Assigned task
When you copy the material below, keep every line exact and leave each picture out.

Provided information
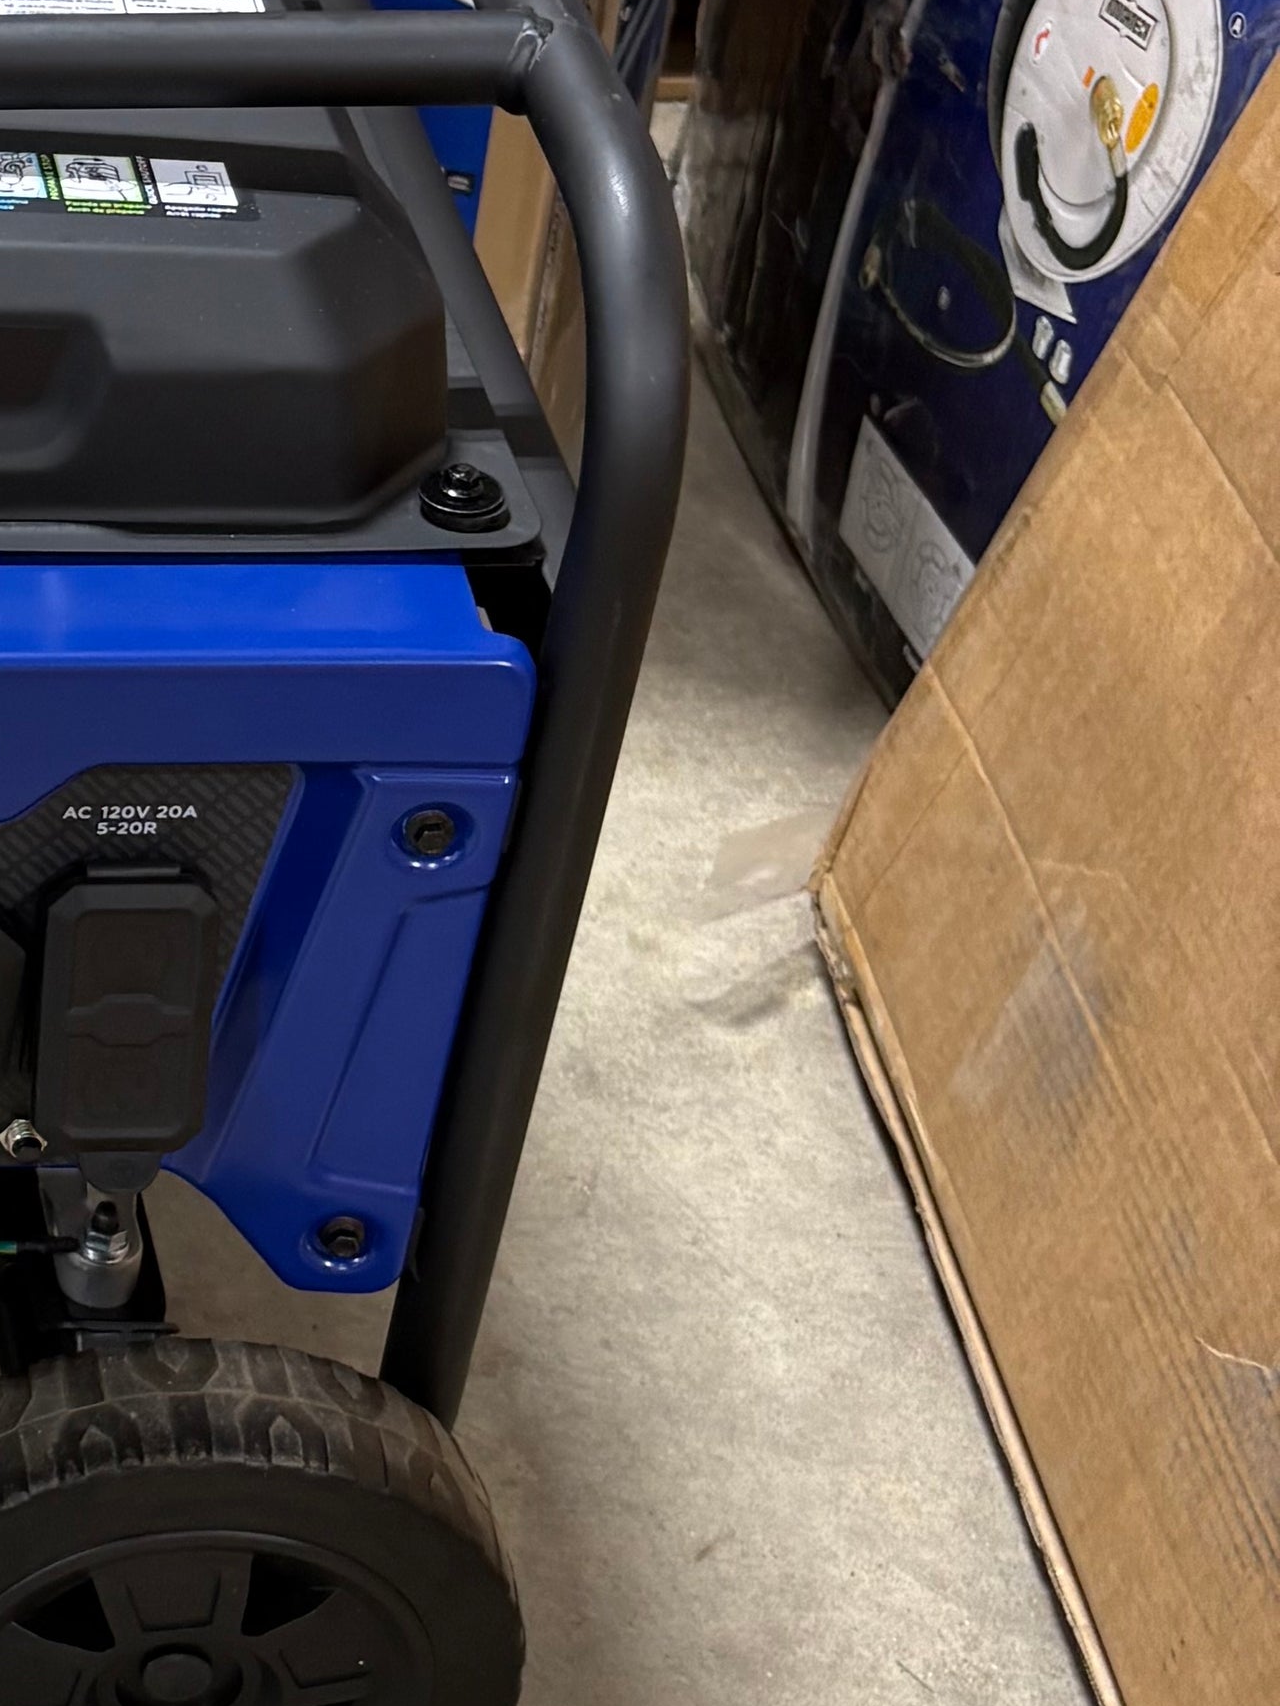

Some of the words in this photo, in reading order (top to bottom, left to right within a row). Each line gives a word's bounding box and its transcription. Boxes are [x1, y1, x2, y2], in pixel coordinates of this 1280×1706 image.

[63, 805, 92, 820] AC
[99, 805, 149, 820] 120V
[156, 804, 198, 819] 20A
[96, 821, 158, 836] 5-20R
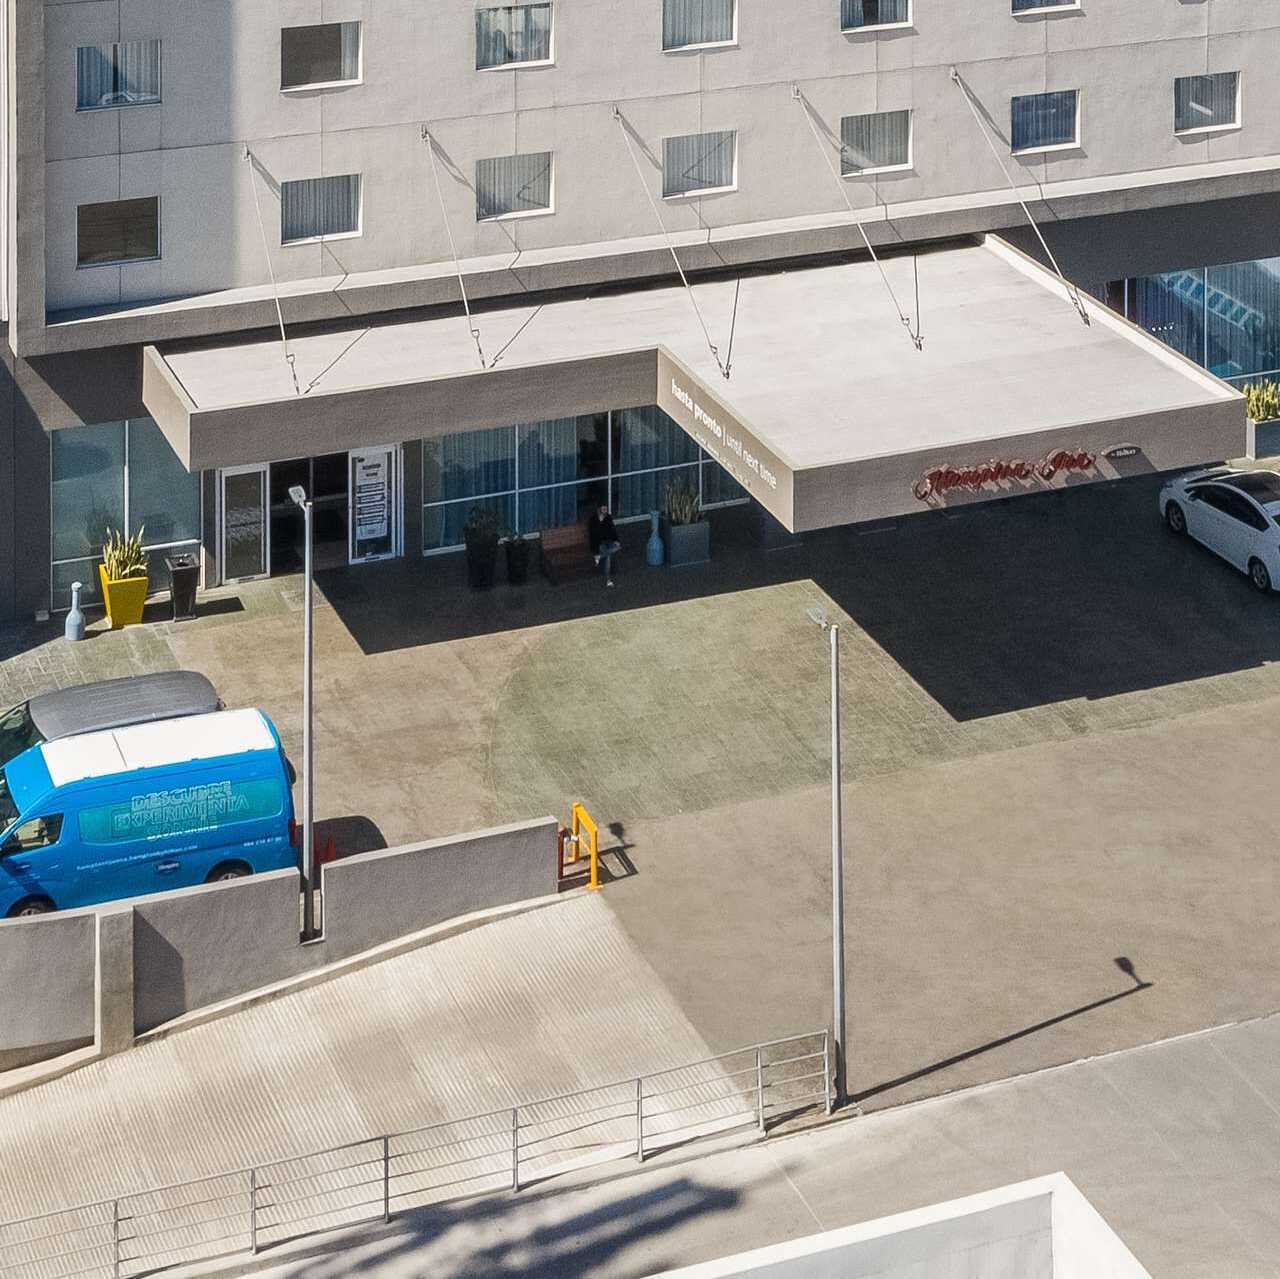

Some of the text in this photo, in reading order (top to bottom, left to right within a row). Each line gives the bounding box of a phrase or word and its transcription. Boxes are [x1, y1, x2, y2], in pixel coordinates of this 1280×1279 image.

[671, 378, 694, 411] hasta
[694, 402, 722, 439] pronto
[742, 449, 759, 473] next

Solved problem
Some of the words in this photo, in reading order (top to bottom, left to right within a row). Each line gives a word's bounding box and its transcription. Boxes are [x1, y1, x2, y2], in pixel coordinates of this 1280×1706 image.

[63, 805, 92, 820] AC
[99, 805, 149, 820] 120V
[156, 804, 198, 819] 20A
[96, 821, 158, 836] 5-20R

Some of the text in this photo, in reading order (top to bottom, left to right within a row). Each line gives the bounding box of a phrase or word and its transcription. Boxes are [x1, y1, x2, y2], in pixel coordinates of this 1280×1279 image.

[671, 378, 694, 411] hasta
[694, 402, 722, 439] pronto
[742, 449, 759, 473] next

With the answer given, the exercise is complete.